Xue Chengmei worked very hard and was able to recreate the half of the Stygian Tiger Seal that had broken, though it was not as good as the original. Jin Guangyao was pleased. Then Xue Chengmei used the Stygian Tiger Seal to avenge himself for the loss of his pinky, and Jin Guangyao was very unhappy.

“You’ve lost control over him,” said Jin-zongzhu.

“I’m very sorry,” said Jin Guangyao, “I must have miscalculated.”

Madam Jin threw a jar of wine at his head. He managed to avoid the jar, but still got splashed with wine.

“We’ll find another way to deal with him,” said Jin Guangyao.

There was a great fight where all of the Jin Clan’s best warriors tried to beat Xue Chengmei, but they were all defeated. They called upon their allies in the Jiang clan, and the Jiang clan sent all of their best warriors, who were also defeated by the indomitable, impressive, amazing skills of Xue Chengmei.

“I know,” said Lan-zongzhu, “I will play music for him and surely that will put him to sleep, and then we can deal with him properly.”

So the Lan clan played music for Xue Chengmei, and put him into a trance for many days.
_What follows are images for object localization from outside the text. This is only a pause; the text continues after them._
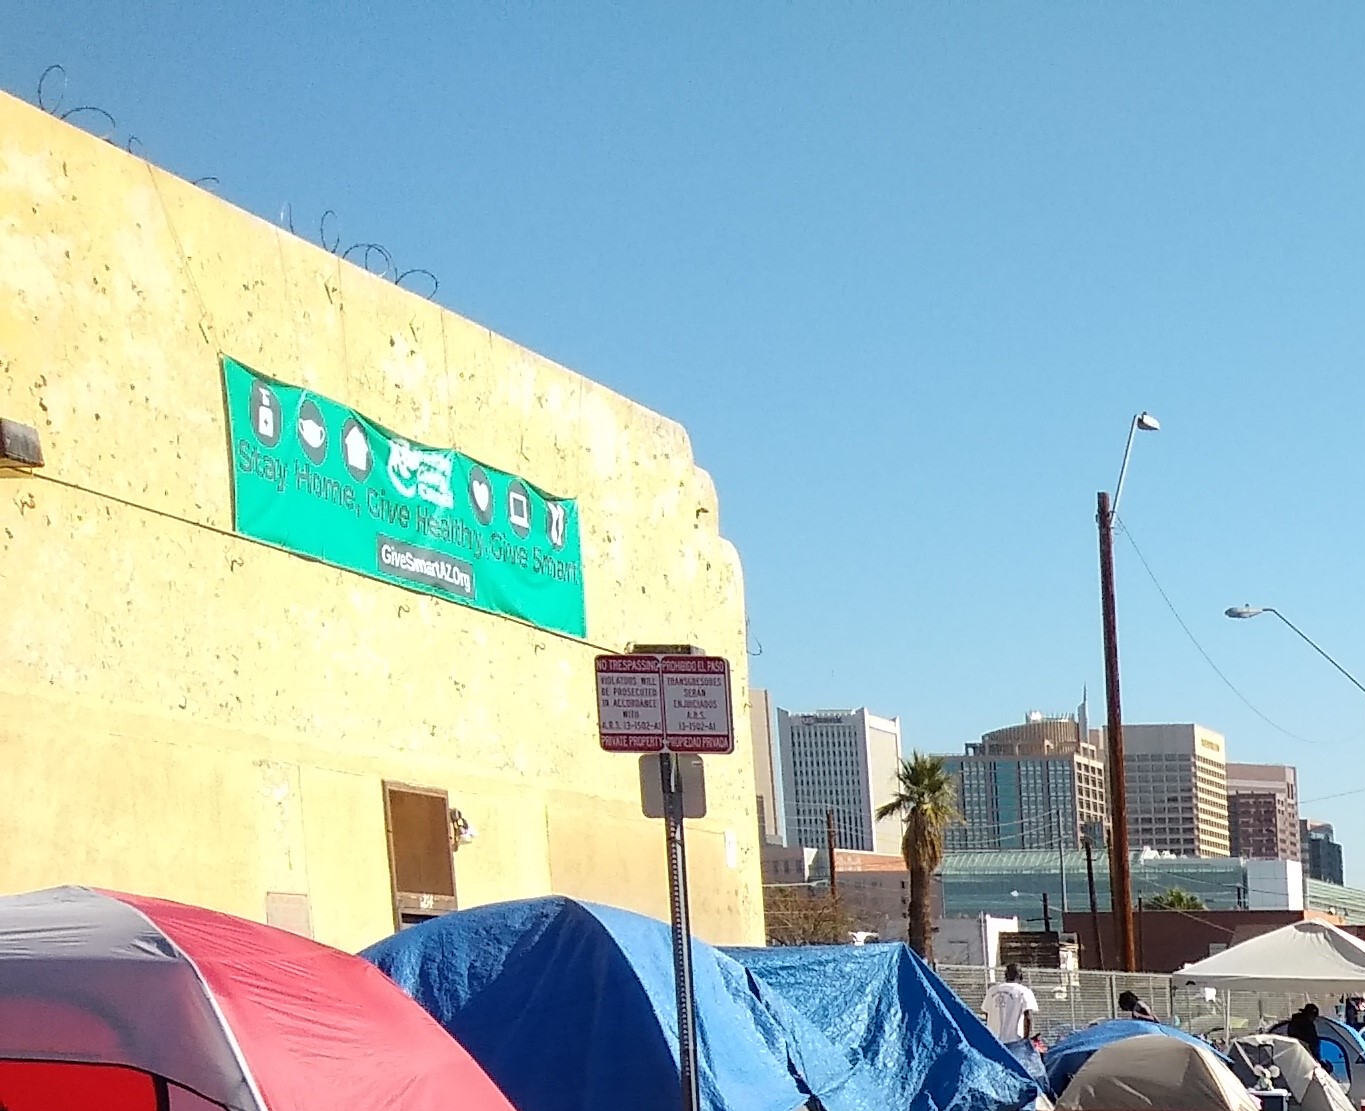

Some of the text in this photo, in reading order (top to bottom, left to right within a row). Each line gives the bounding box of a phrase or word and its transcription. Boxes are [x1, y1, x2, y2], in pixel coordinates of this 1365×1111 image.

[238, 439, 287, 493] Stay
[295, 458, 361, 518] Home,
[367, 488, 410, 528] Give
[491, 531, 528, 569] Give
[596, 659, 658, 671] NO TRESPASSING
[662, 660, 696, 672] PROHIBIDO
[707, 660, 724, 672] PASO
[601, 676, 657, 686] VIOLATORS WILL
[601, 687, 657, 696] BE PROSECUTED
[602, 699, 657, 708] IN ACCORDANCE
[622, 710, 640, 719] WITH
[601, 736, 663, 747] PRIVATE PROPERTY
[703, 737, 729, 748] PRIVADA
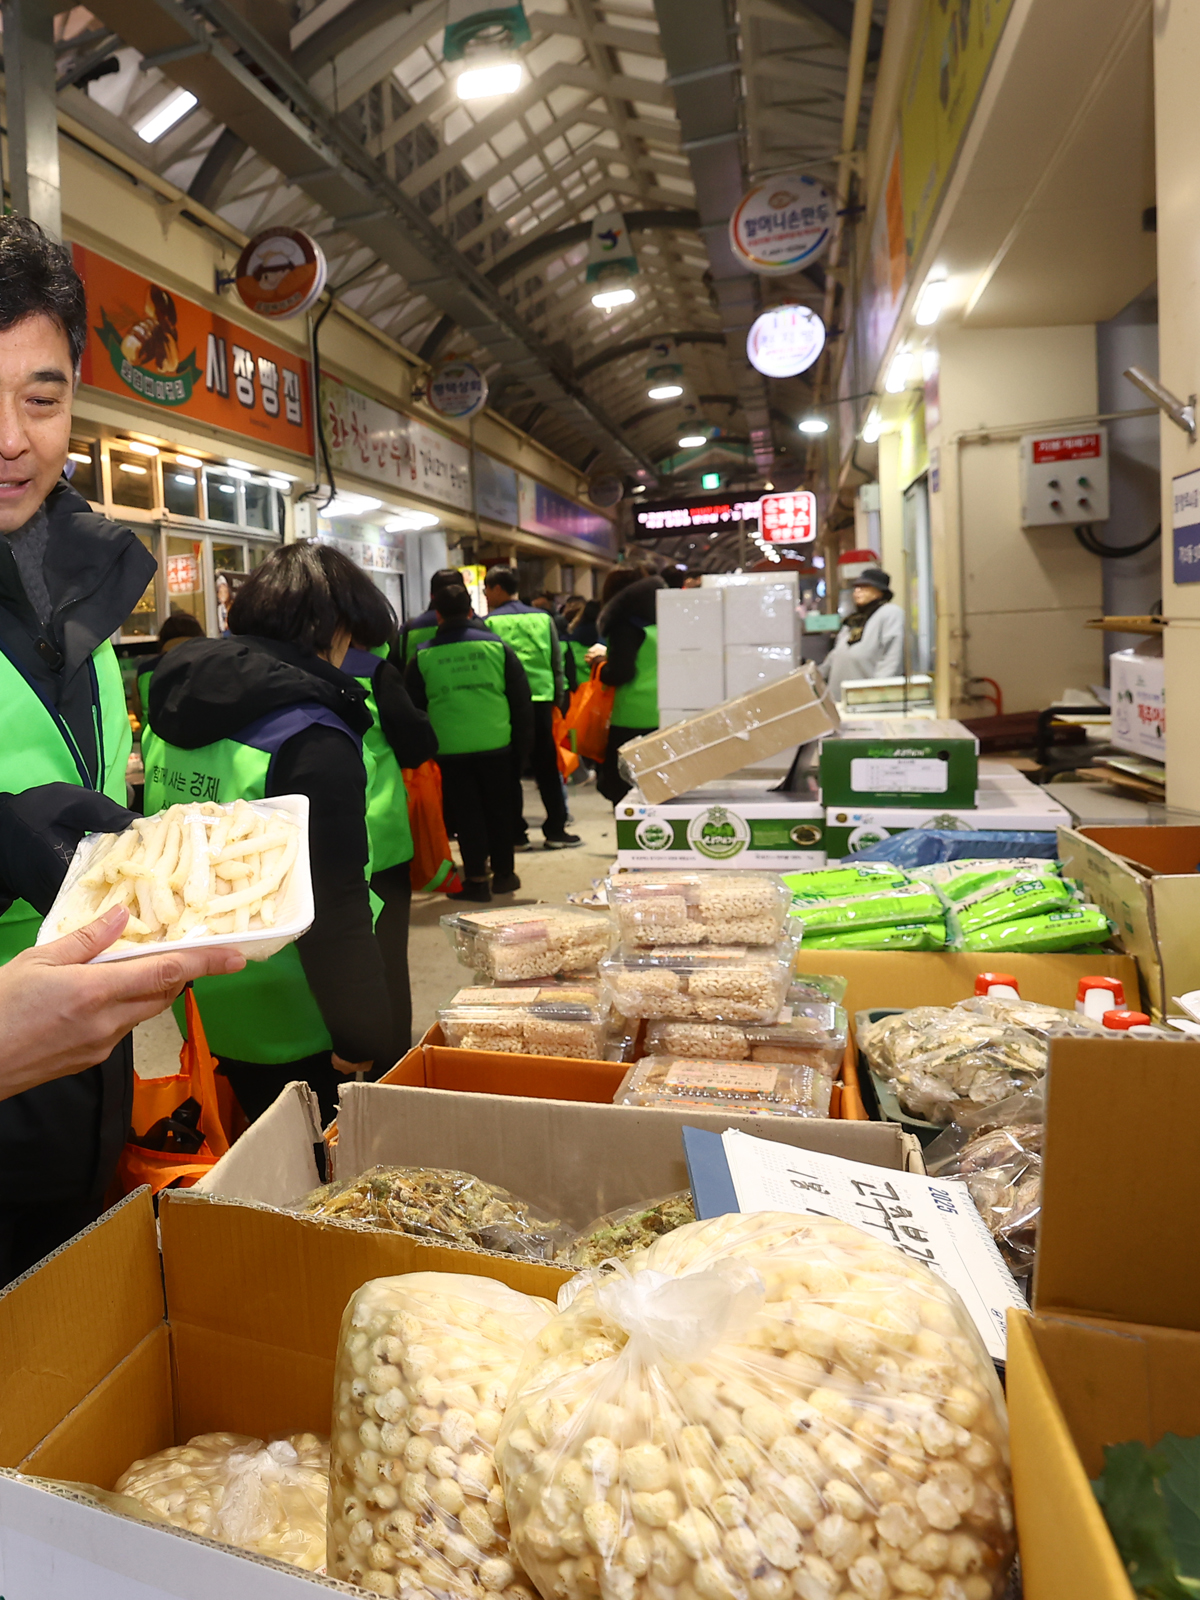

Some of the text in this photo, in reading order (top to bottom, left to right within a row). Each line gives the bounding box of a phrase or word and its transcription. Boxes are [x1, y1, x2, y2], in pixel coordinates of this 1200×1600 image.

[205, 332, 303, 428] 시장빵집
[168, 771, 186, 792] 사는
[928, 1186, 959, 1216] 2025
“We should be able to deal with him now,” said Lan-zongzhu.

But they did not realize that the music and the trance had strengthened Xue Chengmei’s golden core. So now, not only was he a great demonic cultivator, but a great normal cultivator as well.
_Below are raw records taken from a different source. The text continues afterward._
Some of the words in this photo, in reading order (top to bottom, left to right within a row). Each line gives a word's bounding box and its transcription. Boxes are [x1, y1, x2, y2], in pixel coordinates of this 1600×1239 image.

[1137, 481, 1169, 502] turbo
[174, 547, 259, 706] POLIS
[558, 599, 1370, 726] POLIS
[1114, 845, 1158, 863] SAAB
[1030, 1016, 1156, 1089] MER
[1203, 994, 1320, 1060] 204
“I’m very sorry, A-Yao,” said Lan-zongzhu, “I didn’t know it would have that effect.”

Thus the Jin were forced to call upon Buddha… I mean, (the prisoner corrected himself) they called upon Nie Mingjue to deal with their little punk.

And Nie Mingjue said, “I’ll make a bet with you. If you win the bet, I’ll let you go, but if you lose, you will come to Qinghe with me.”

And in Qinghe, (said the prisoner), you will be thrown in a deep, dark, dank, drafty, dreadful prison, where we will steal away your precious Jiangzai and your dear Tiger Seal, and feed you only and rice and water, and you will stay there for a thousand years….

“I will bet you that you cannot leave the palm of my hand,” said Buddha.

“Done!” cried Sun Wukong and somersaulted away as fast as he could go. Eventually he came to an area surrounded by clouds with five great pillars standing before him. “Truly this must be the end of the world,” thought Sun Wukong. “I’m sure no one else has ever been to the end of the world, I should write my name.” He wrote “Sun Wukong was here” on one of the pillars and relieved himself. Then he somersaulted back.

“I won the bet,” he told Nie Mingjue.

“Is that so?” said Nie Mingjue, “Because it doesn’t look like you did to me.”

And Buddha showed him that upon his middle finger was written the words “Sun Wukong was here” and there was a little spot of monkey pee on his palm by the finger.

“That’s not fair!” cried Xue Yang. But it was too late, and he was caught.